Si demain toute possibilité de recherche sur l'embryon est interdite, les éventuels effets délétères de nos pratiques nouvelles seront non pas observées sur des embryons-pré-implantatoires mais constatées sur des foetus, voire plus tard sur des enfants.

Décidément ceux qui pensaient faire l'économie d'une poursuite du débat éthique se sont lourdement trompés.

Demain, il faudra se préparer à modifier certains termes de la Loi de Bioéthique dont la révision est prévue au plus tard en juillet 1999. Aujourd'hui la parution des décrets permettraient de répondre à la demande des couples qui souhaitent recourir à un DPI. En France, il existe une médecine et une recherche de qualité, on finirait par l’oublier.

Ainsi, quatre ans après la loi de Bioéthique, il aurait fallu vaincre beaucoup d’oppositions, affronter beaucoup de lenteurs administratives mais surtout une certaine paralysie de la pensée qui bute essentiellement sur la définition de l’embryon humain. Celui-ci entre " chose " et " personne " déchaîne les passions idéologiques qui montrent bien que la séparation de l’église et de l’Etat ou plutôt du religieux et de l’Etat n’est pas tout à fait achevée dans notre pays.

Cette année, nous avons déjà plus d’une cinquantaine de couples qui ont demandé de venir en consultation pour un éventuel DPI. D’autres équipes médicales sont confrontées à ces couples en souffrance et nous sommes toujours dans l’incapacité de les aider.

Seuls, les plus fortunés font du tourisme médical.

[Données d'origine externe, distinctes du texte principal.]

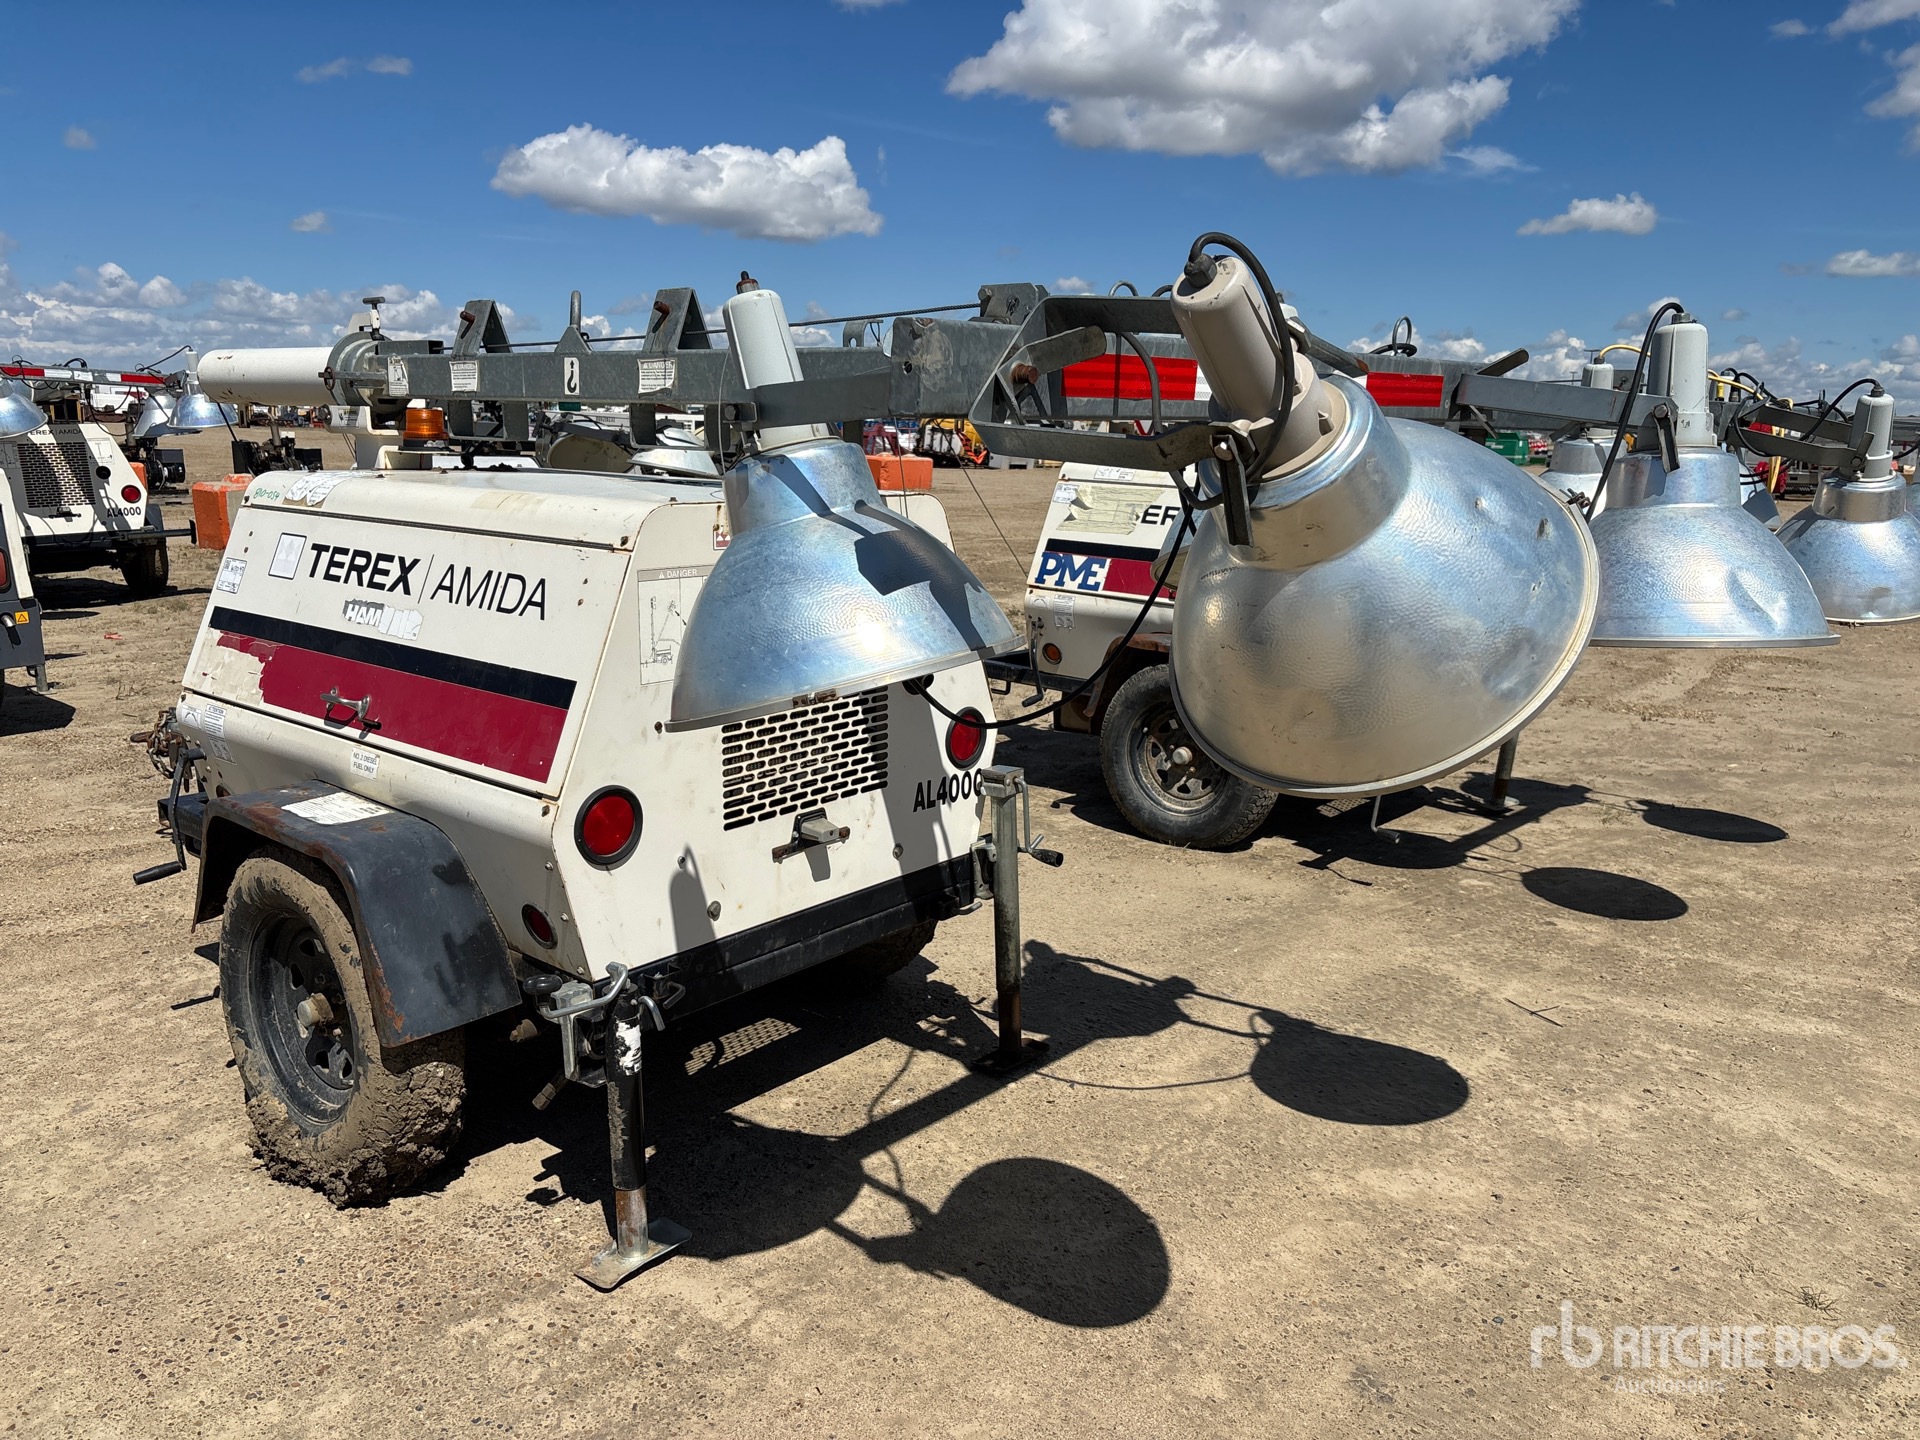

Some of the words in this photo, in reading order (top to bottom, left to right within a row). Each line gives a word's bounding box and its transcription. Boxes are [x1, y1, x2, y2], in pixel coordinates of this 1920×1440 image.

La situation reste donc très insatisfaisante et ce, d’autant que l’autorisation accordée, il faudrait encore s’assurer de la fiabilité et de la reproductibilité des techniques.

REFERENCES

BENKHALIFA M, VEIGA A, SANDALINAS M, QUMSIYEH M, MENEZO Y: Co-culture, blastocyst biopsy and molecular techniques applications in preimplantation diagnosis. Second international symposium on preimplantation genstics, Chicago, September 1997.

GINSBERG N: Personal communication at the second International Symposium on Preimplantation Genetics, Chicago, Septembre 18-21, 1997.

MUNNE S, DAILEY T, SULTAN KM, GRIFO J and COHEN J: The use of the first polar bodies for pre-implantation diagnosis of aneuploidiy. Mol. Reprod., 10 (4), 1014-1020, 1995.

VEIGA A, SANDALINAS M, BENKHALIFA M, BOADA M, SANTALO J, BARRI PN, MENEZO Y: Laser blastocyst for preimplantation genetic diagnosis in the human. Zygote, 1997.

VERLINSKY Y, GINSBERG N, LIFCHEZ et al. : Analysis of the first polar body, preconception genetic diagnosis. Hum. Reprod., 5, 826-829, 1990.